# Generic Anime Fight Thread #1 Classic Akatsuki vs The Ten Espada



## pilgrimfromoblivion (Jul 15, 2020)

Generic Anime Fight Thread or GAFT for short, is your generic anime fighting debate thread. If this does well, I might make more if I don't somehow get banned or suspended first.

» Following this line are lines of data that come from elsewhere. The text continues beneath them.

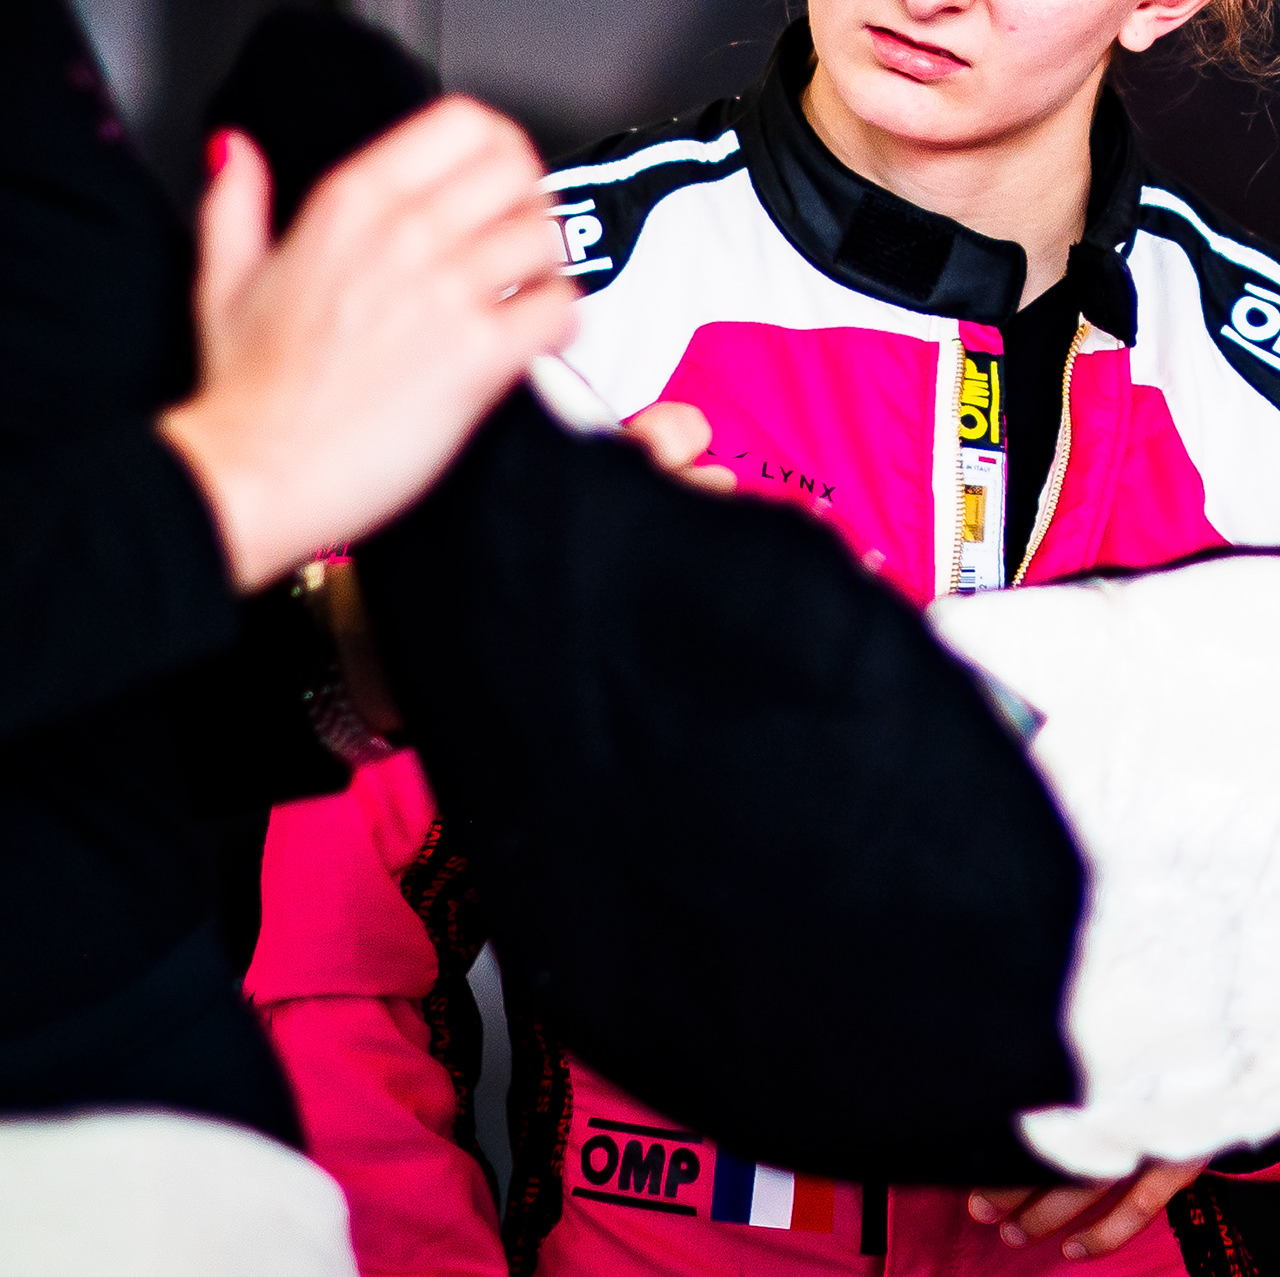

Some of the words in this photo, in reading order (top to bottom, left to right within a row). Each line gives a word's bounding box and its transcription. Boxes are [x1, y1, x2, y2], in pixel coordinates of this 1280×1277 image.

[958, 358, 989, 440] OMP
[761, 461, 836, 503] LYNX
[581, 1134, 701, 1198] OMP
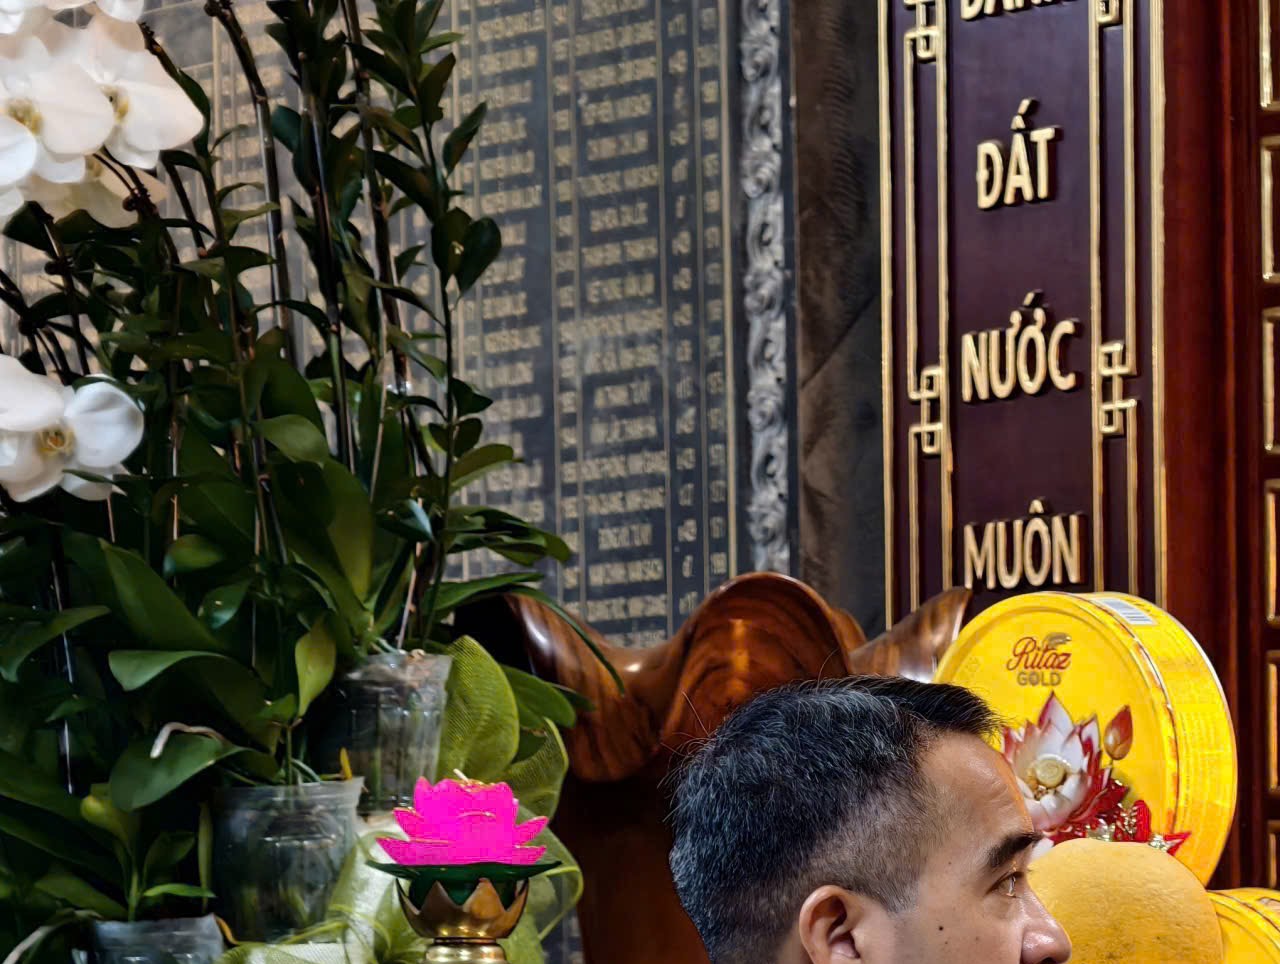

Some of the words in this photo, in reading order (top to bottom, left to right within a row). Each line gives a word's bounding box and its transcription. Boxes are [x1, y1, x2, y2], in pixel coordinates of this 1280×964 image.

[975, 98, 1058, 209] ĐẤT
[960, 290, 1081, 403] NƯỚC
[963, 497, 1084, 590] MUÔN
[1006, 636, 1072, 671] Ritaz
[1016, 672, 1062, 687] GOLD

Here are the rules before we begin. 
1. Akatsuki can see the Espada.
2. Chakra = Reiatsu
3. Espada cannot fly.
4. The Espada cannot use Resurreccion.
5. Itachi can use his Perfect Susanoo but it may weaken and/or kill him.
6. There is no Juubito/Obito Uchiha with Rinnegan/Sage of Six Paths.
2 Rounds of Fighting
The Espada get
0. Yammy Llargo
1. Coyote Starrk
2. Barragan Louisenbarn
3. Tiel Hallibel
4. Ulquiorra Cifer
5. Nnoitra Gilga
6. Grimmjow Jaegarjaquez
7. Zommari Rureaux
8. Szayelaporro Granz
9. Aaroniero Arruruerie

The Akatsuki get
1. Deidara
2. Hidan
3. Kakuzu
4. Sick Itachi
5. Kisame
6. Konan
7. Sasori
8. Tobi (The funny one with the sharingan, not the OP one with all the hax.)
9. White Zetsu

In round 2 the Espada get Kaname Tosen and Gin Ichimaru and the Akatsuki get Orochimaru and Pain.


----------